Give back each entry exactly as written, apart from the pictures.

□ □ □ □ □

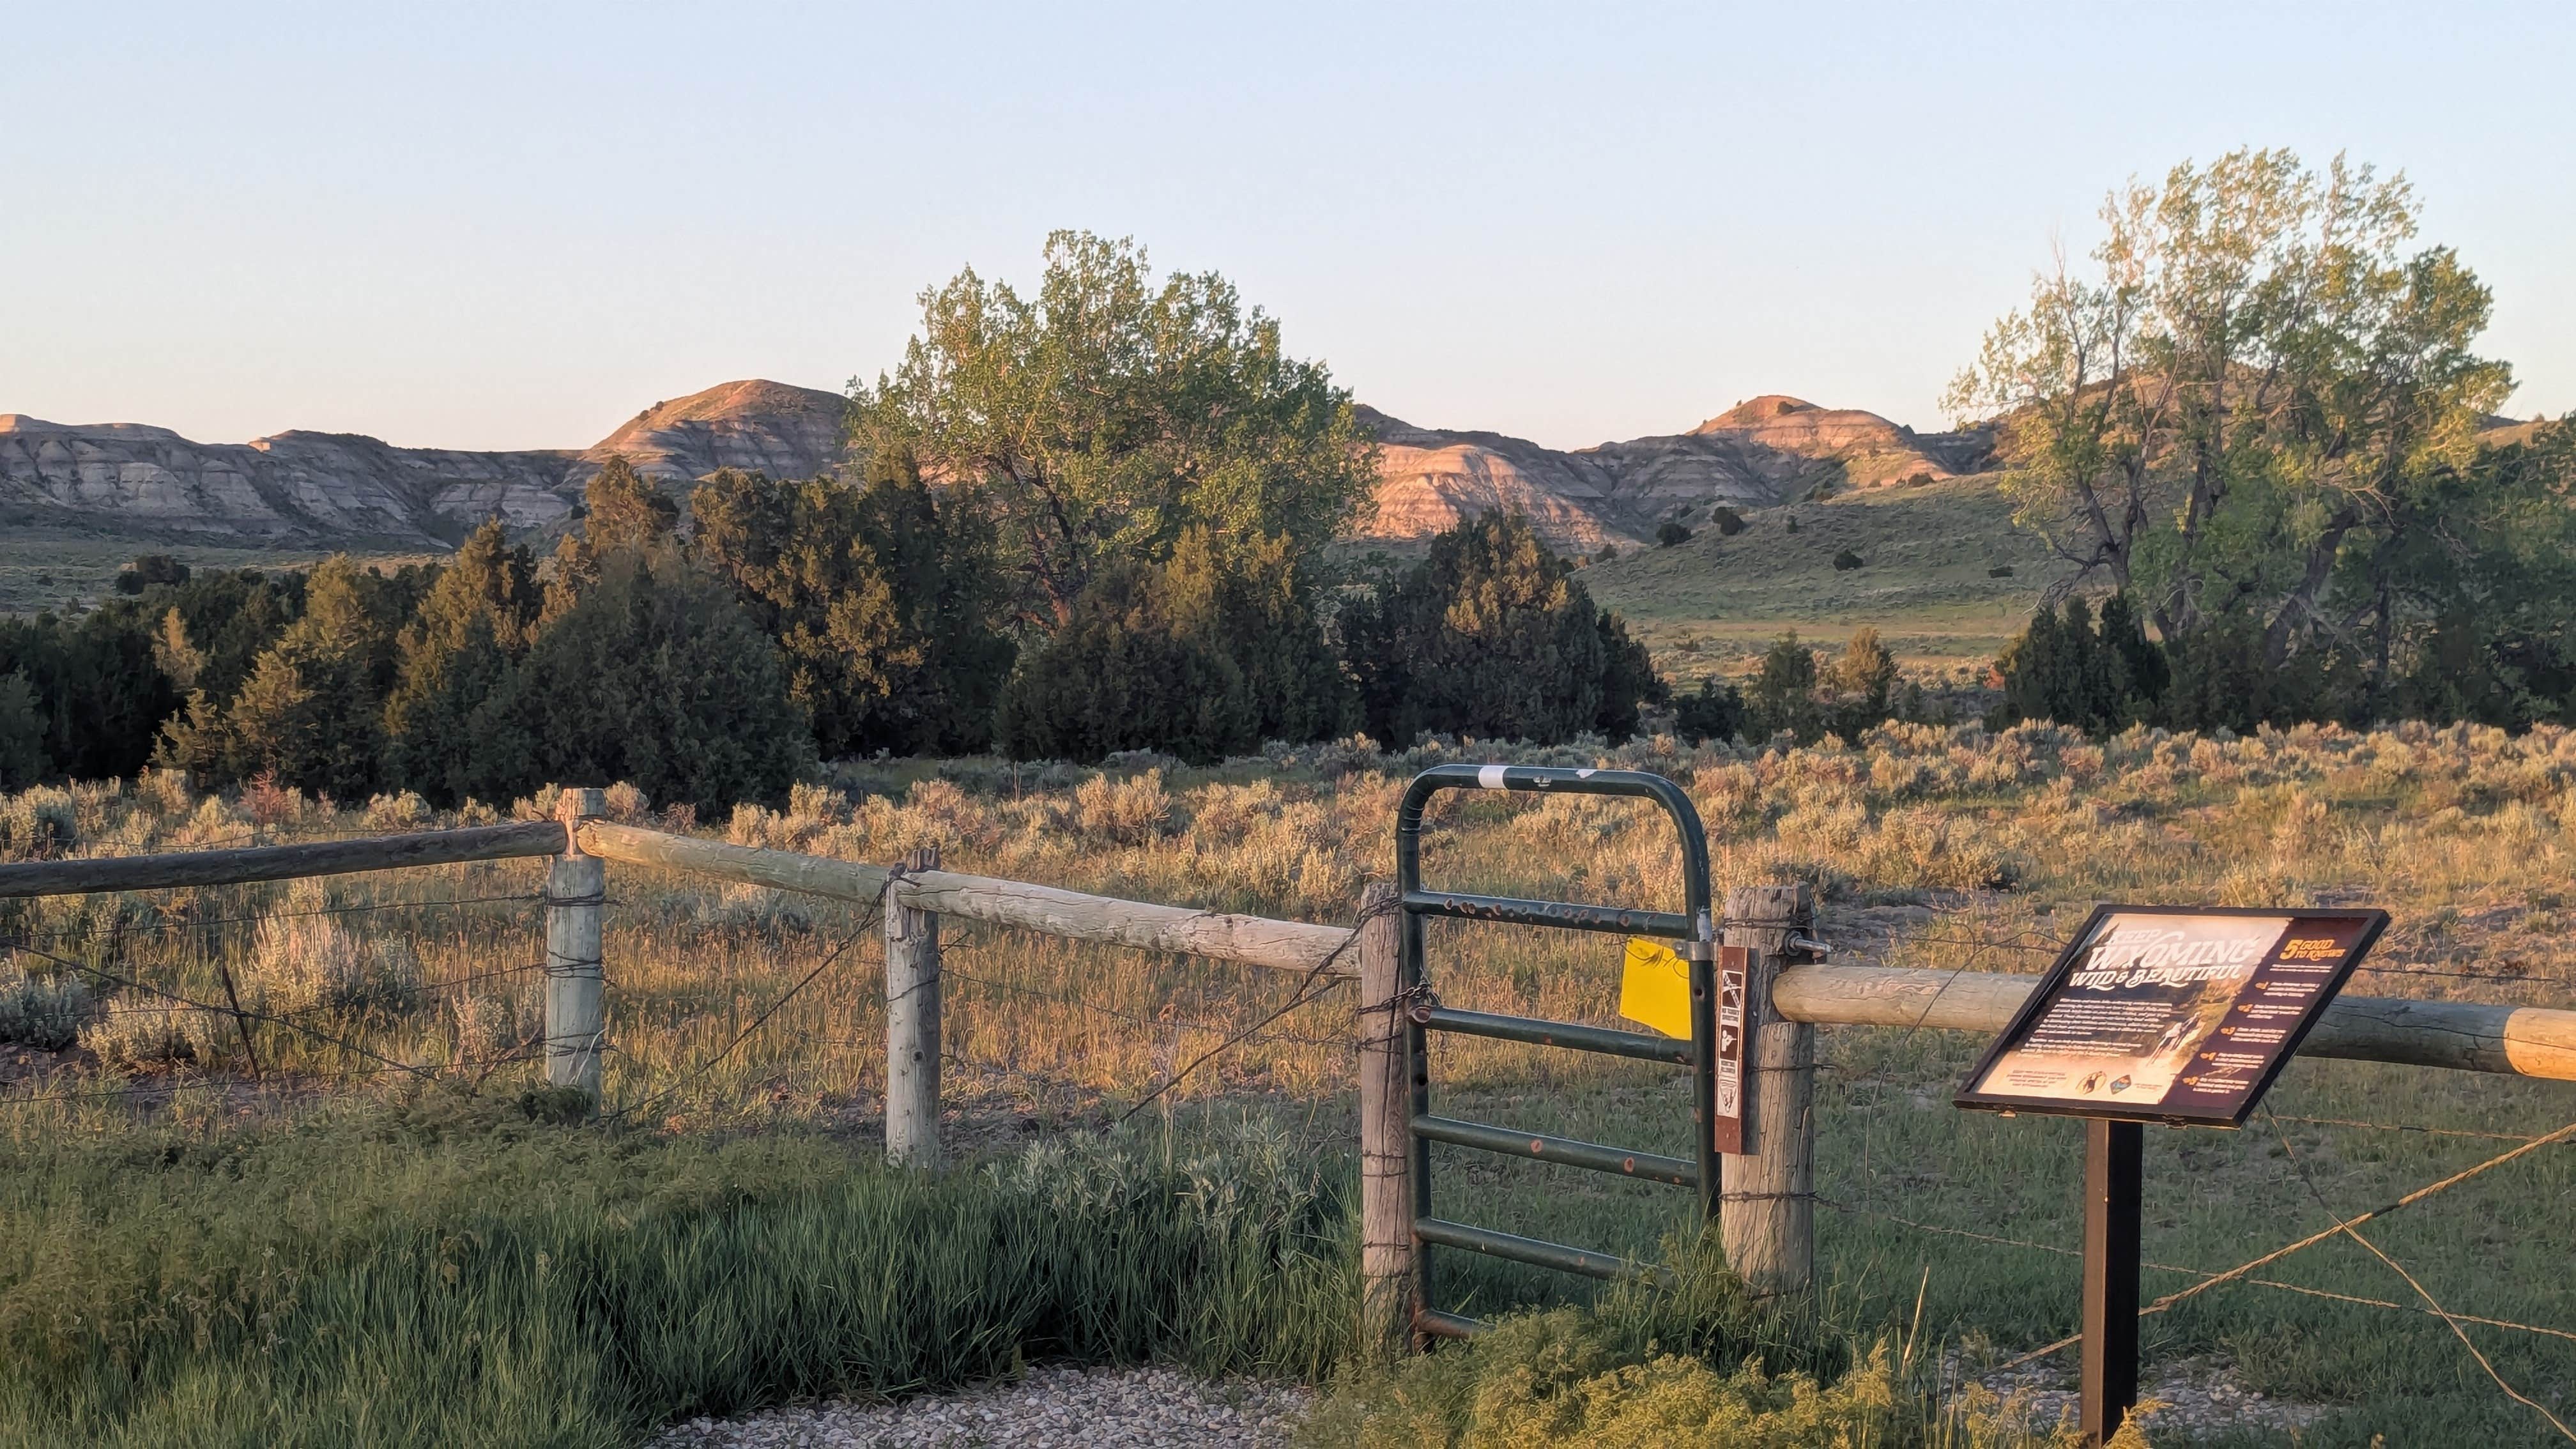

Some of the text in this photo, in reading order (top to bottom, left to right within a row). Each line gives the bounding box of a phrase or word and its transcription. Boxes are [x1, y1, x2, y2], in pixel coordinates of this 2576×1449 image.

[2107, 929, 2161, 944] KEEP
[2085, 931, 2260, 970] WYOMING
[2280, 939, 2335, 960] 5 GOOD
[2295, 950, 2308, 959] TO
[2069, 963, 2243, 991] WILD & BEAUTIFUL
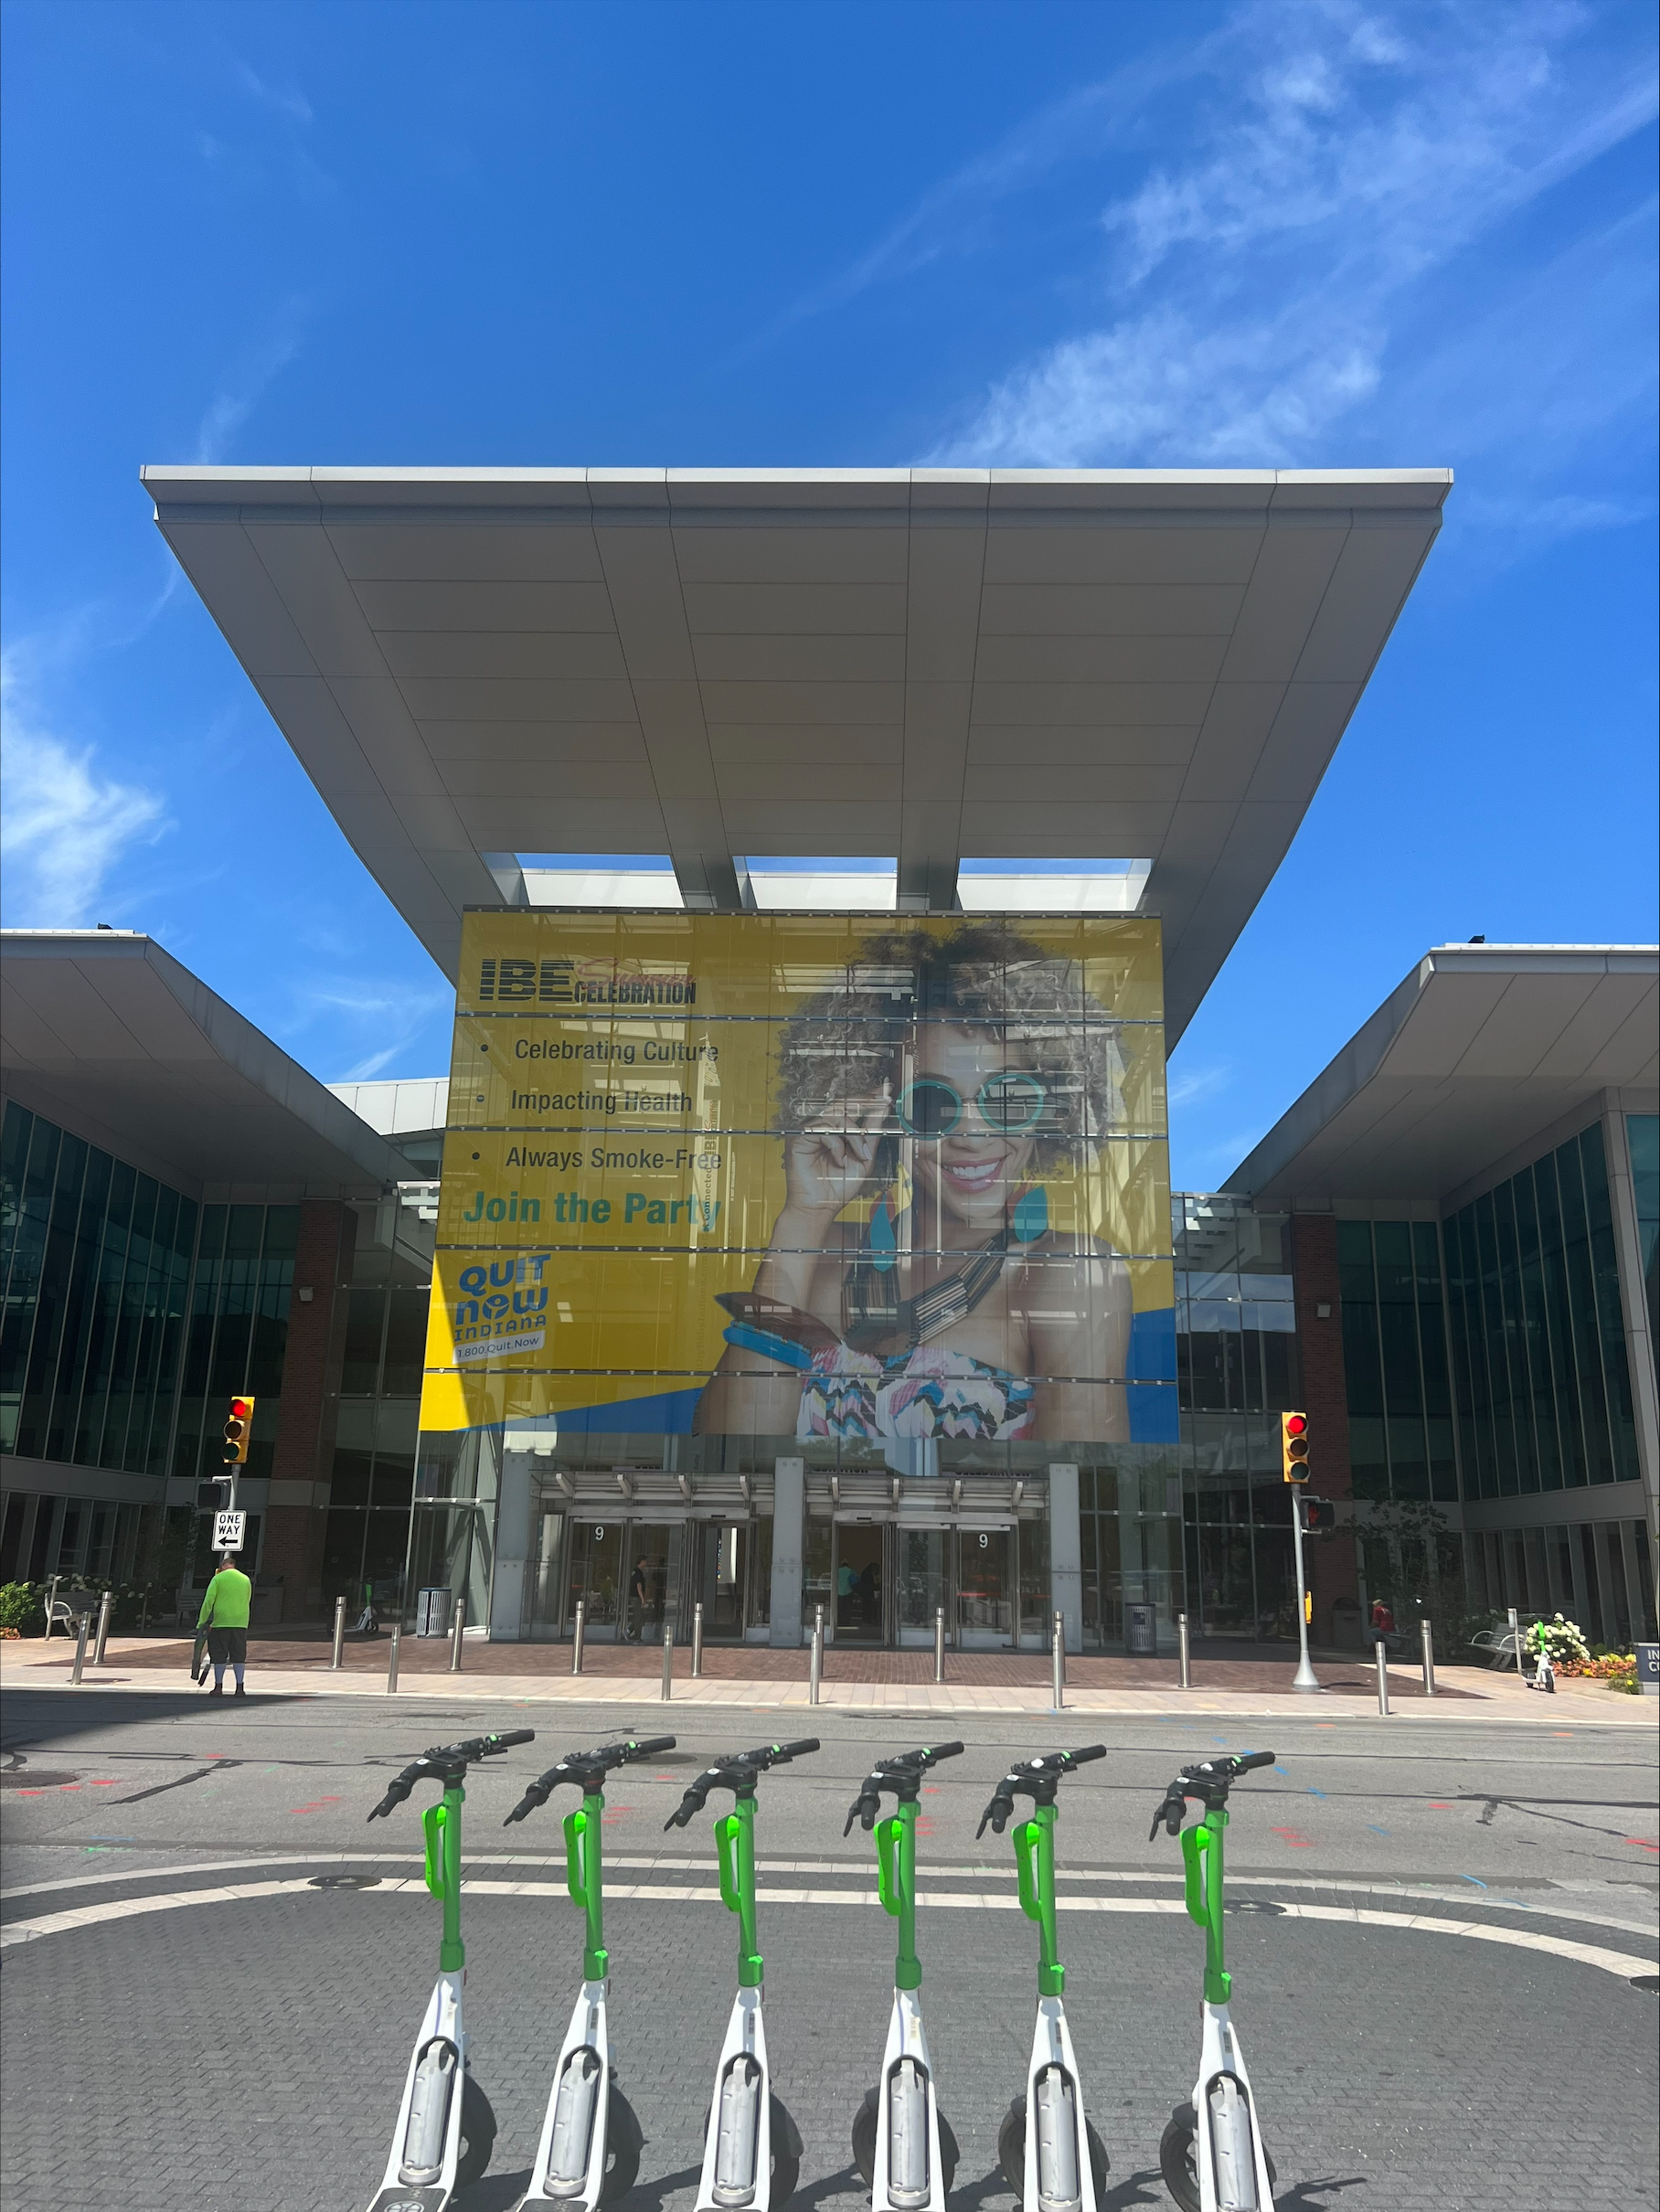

□ □ □ □ □

FINISHED TASK:
Some of the text in this photo, in reading order (top to bottom, left to right within a row). Each line gives the bounding box of a phrase or word and its transcription. Boxes are [x1, y1, x2, y2], in pixel coordinates of this 2576×1449 image.

[2107, 929, 2161, 944] KEEP
[2085, 931, 2260, 970] WYOMING
[2280, 939, 2335, 960] 5 GOOD
[2295, 950, 2308, 959] TO
[2069, 963, 2243, 991] WILD & BEAUTIFUL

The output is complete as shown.